Mas nem só de Jack Nicholson vive Batman. Apesar de atuações mediocres de Kim Basinger (só compensa pela beleza) e de um Harvey Dent negão (um claro exemplo de que Tim Burton quis destacar APENAS o embate entre Coringa e Batman, e se sobrasse tempo usar algum personagem clássico só para homenagear), acabamos surpreendidos com uma exibição de um quase talento no ator Michael Keaton, que provavelmente ainda estava inspirado depois de trabalhar com Burton no super divertido Beetlejuice. Muitos criticaram a atuação de Keaton nos filmes da série e o acusaram de transformar Bruce Wayne em um pateta rico e quase careca. O problema é que o próprio roteiro de Batman faz com que a identidade secreta do personagem seja meio pateta. Nada que tem a mão de Burton foge de certas fórmulas e uma dela é o uso constante de humor. Seja ele negro ou não. E pensando dessa forma, Michael Keaton se superou e mostrou ser um melhor Bruce Wayne que Val Kilmer (loiro) e George Clooney em Batman Eternamente e Batman e Robin, respectivamente. Keaton conseguiu assimilar bem a proposta e ao contrário de seus sucessores, conseguiu dar o tom de humor sem cair no ridiculo e na vergonha alheia, coisa que George Clooney deve se lembrar até hoje. Ou você já se esqueceu do infame “bat-cartão de crédito” e das milhares de piadinhas no filme carnavalesco de 1997?

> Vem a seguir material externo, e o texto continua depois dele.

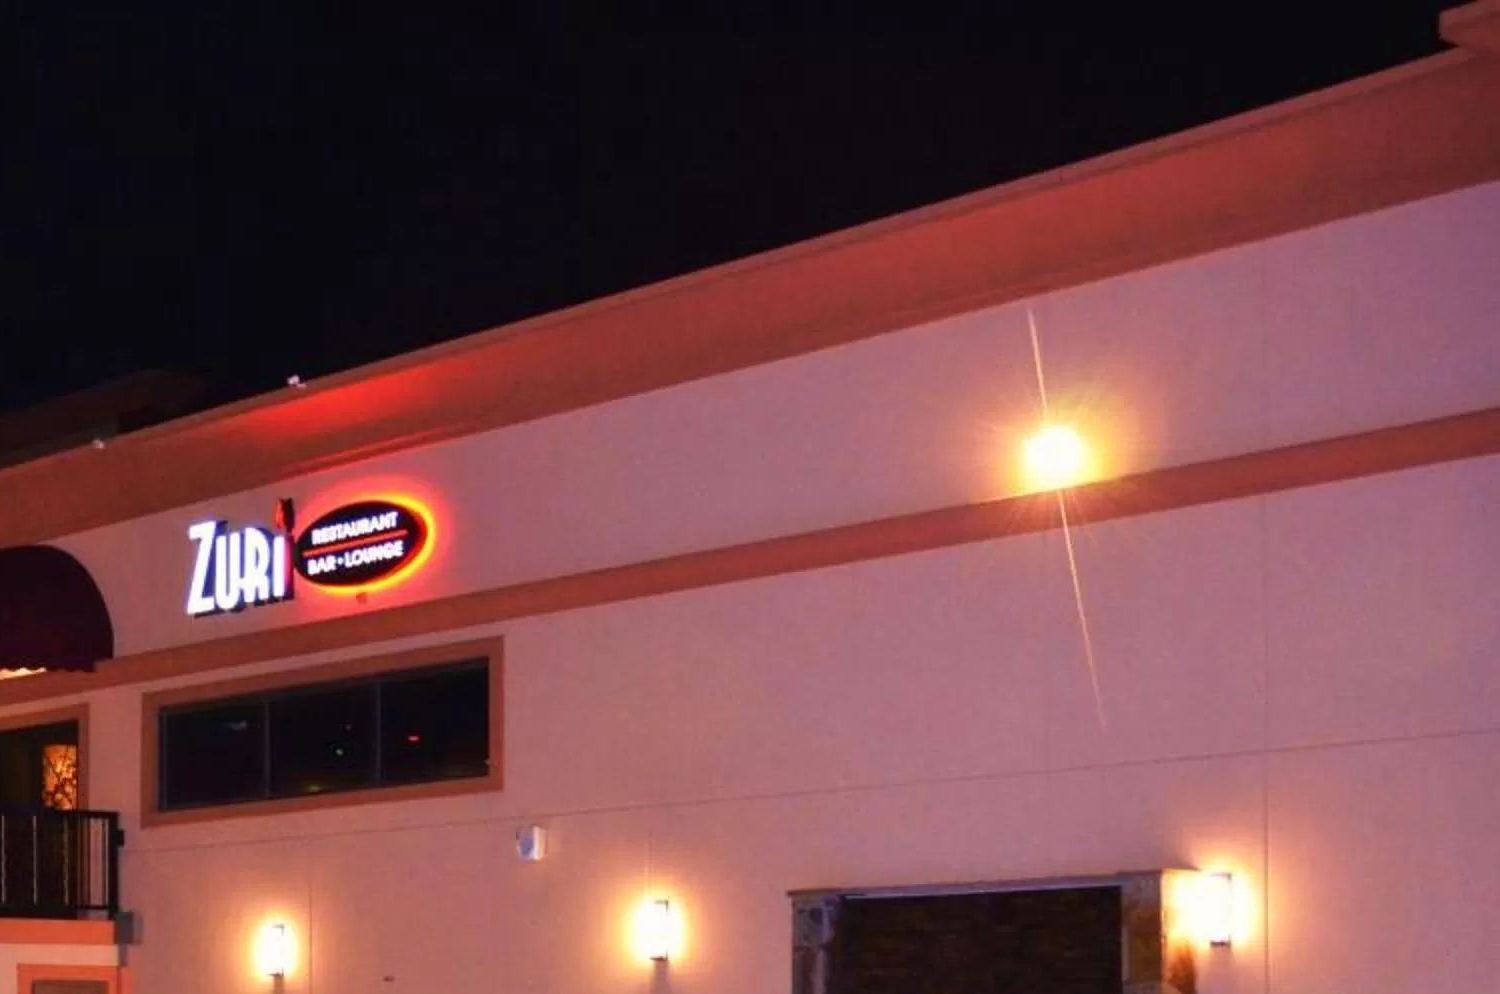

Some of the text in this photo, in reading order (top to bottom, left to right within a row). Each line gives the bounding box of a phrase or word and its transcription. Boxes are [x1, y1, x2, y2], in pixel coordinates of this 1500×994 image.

[311, 511, 398, 545] RESTAURANT
[307, 540, 403, 575] BAR LOUNGE

Por este filme e apenas esse, Tim Burton me ganhou como um de seus milhares de admiradores. Na primeira vez que vi (isso há quase vinte anos) Batman, não tinha ideia de quem era o diretor e muito menos entendia todo o trabalho feito na concepção da Gotham City e seus prédios dignos de livros de Edgar Allan Poe. E isso que é um dos grandes baratos de ver filmes e acompanhar a carreira de certos diretores. Quando nos permitimos relembrar nossa época de criança e nossos sonhos. Batman é um bom retrato daquela época e um filme para se ter em casa e assistir sempre que o homem morcego estiver em evidência nos cinemas. O legado de Tim Burton ainda tem muito a oferecer para Christopher Nolan e sua visão mais crua e violenta do universo de um dos melhores personagens das revistas em quadrinhos.

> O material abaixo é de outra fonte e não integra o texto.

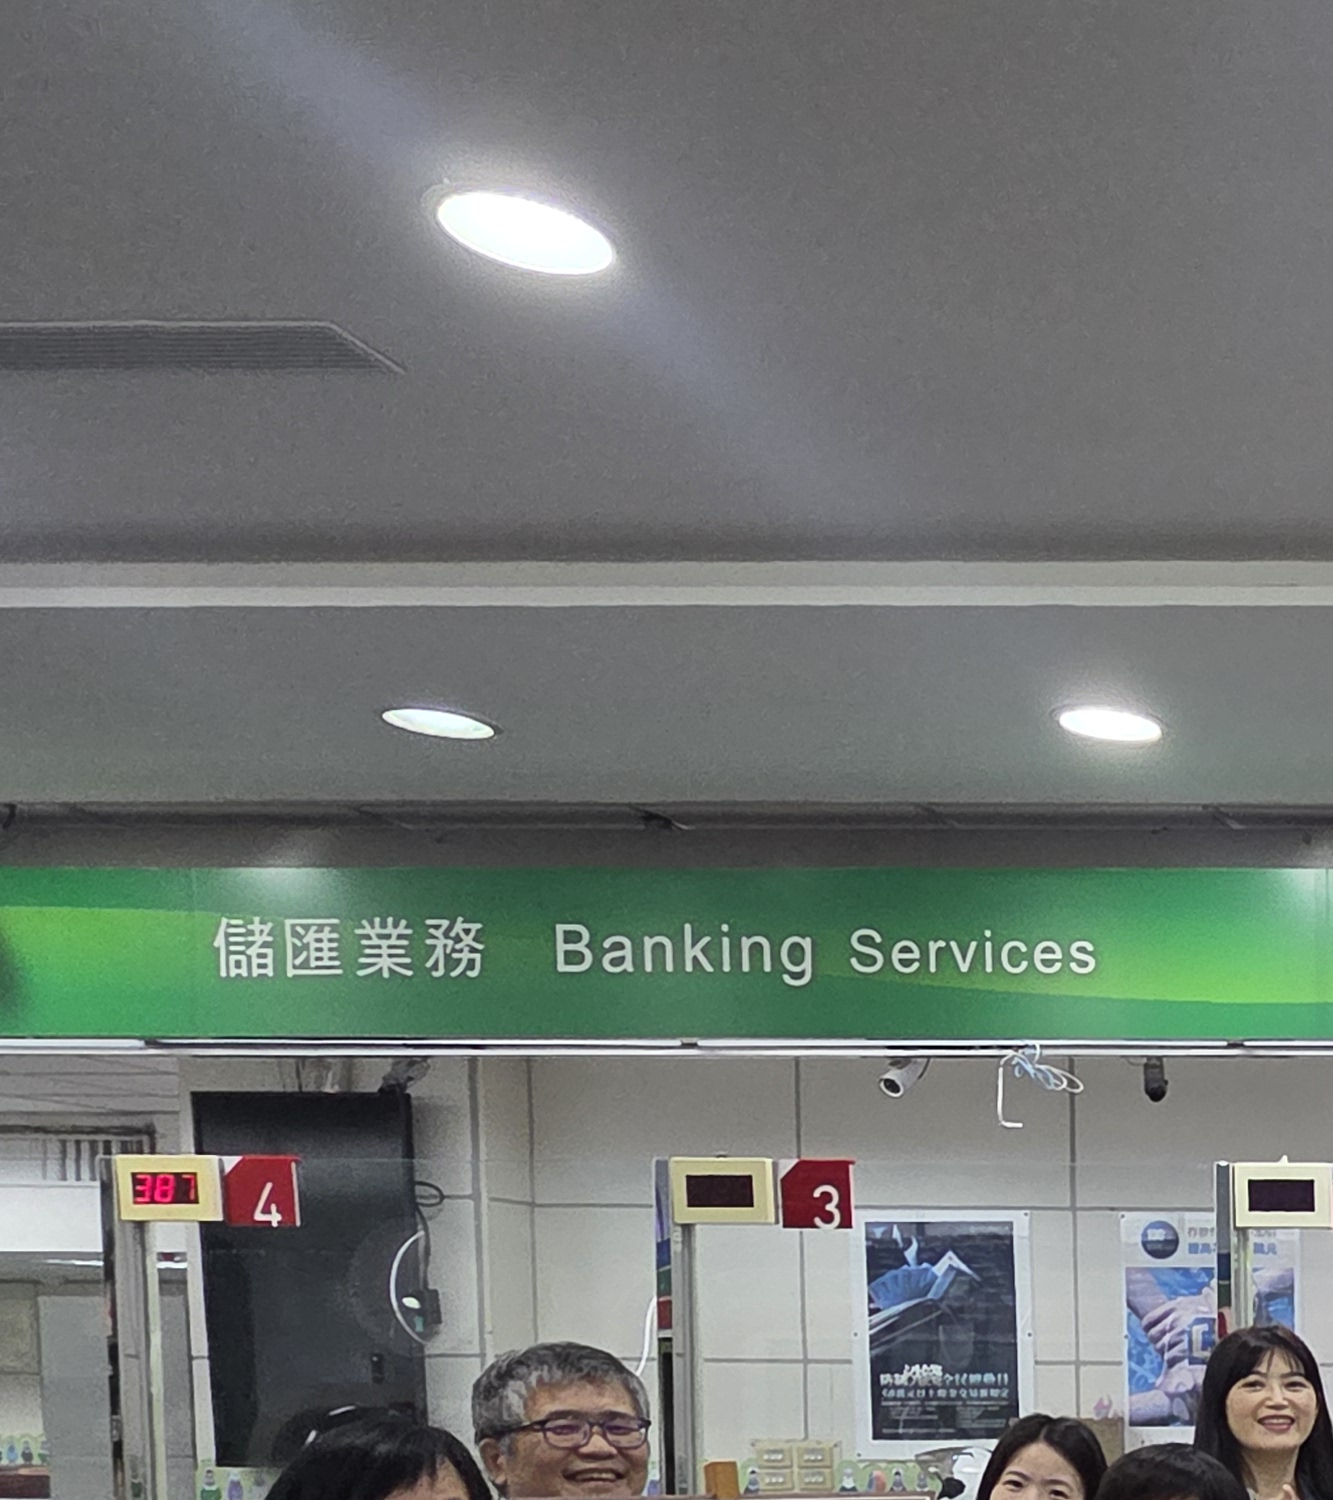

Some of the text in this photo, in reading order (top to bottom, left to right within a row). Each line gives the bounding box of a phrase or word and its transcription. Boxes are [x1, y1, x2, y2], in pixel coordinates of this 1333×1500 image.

[213, 916, 486, 979] 儲匯業務
[555, 923, 1097, 986] Banking Services
[135, 1174, 196, 1203] 387
[253, 1182, 283, 1228] 4
[812, 1183, 842, 1230] 3
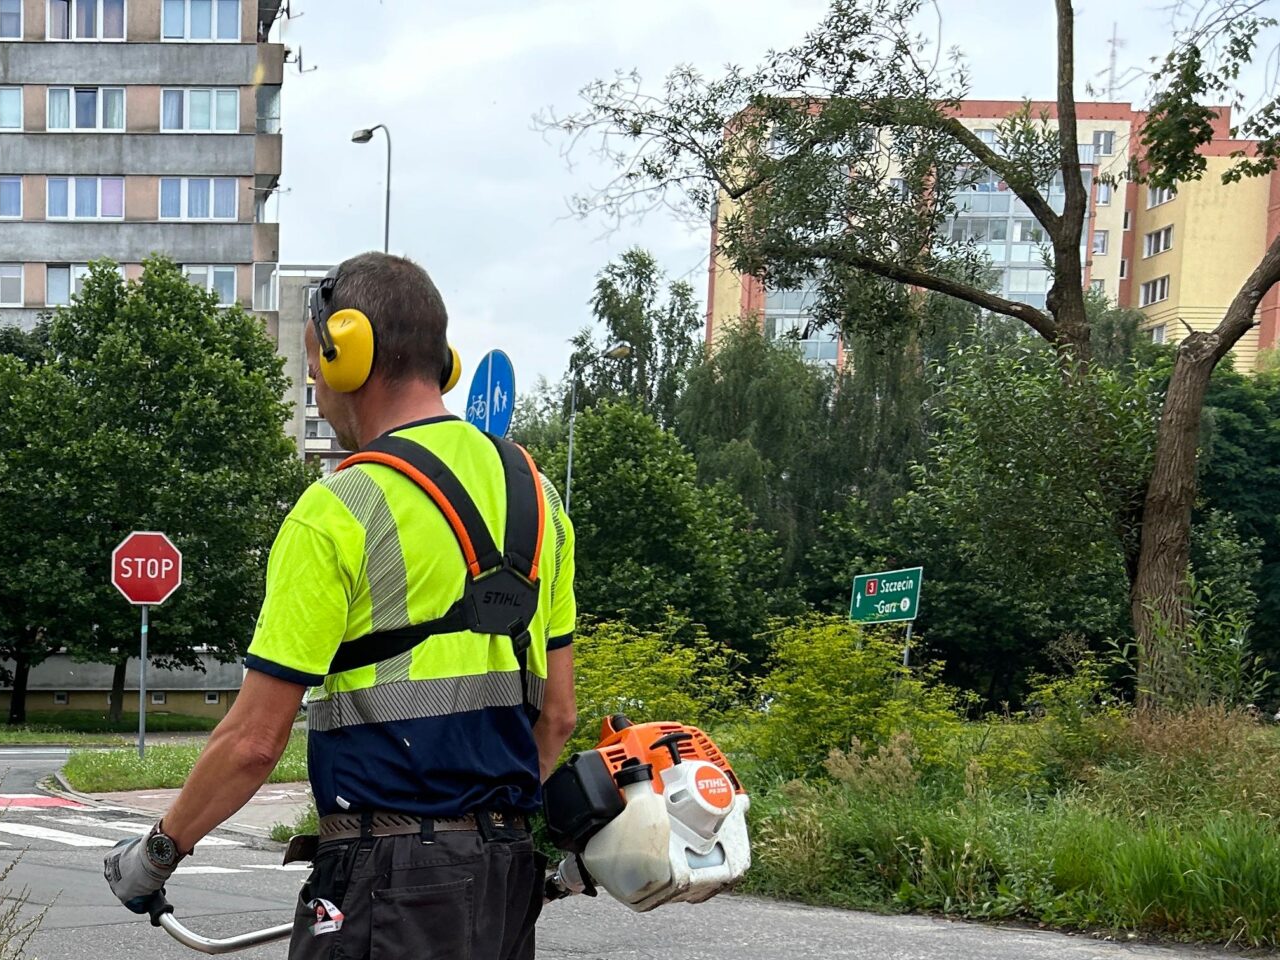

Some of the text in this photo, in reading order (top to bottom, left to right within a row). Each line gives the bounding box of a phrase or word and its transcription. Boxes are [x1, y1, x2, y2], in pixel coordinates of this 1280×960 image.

[120, 557, 174, 579] STOP
[868, 576, 914, 594] 3 Szczecin
[483, 591, 521, 607] STIHL
[877, 600, 897, 614] Garz
[698, 777, 727, 789] STIHL

São três caipirinhas e meia.
ps: post dedicado para a minha avó, que foi a responsável pela minha paixão pelo cinema e que, curiosamente, me levou para ver Batman – O Retorno nas telonas do BH Shopping em 1992. Aquela foi a minha primeira (e como eles dizem, foi inesquecível) visita a um cinema. Obrigado por tudo.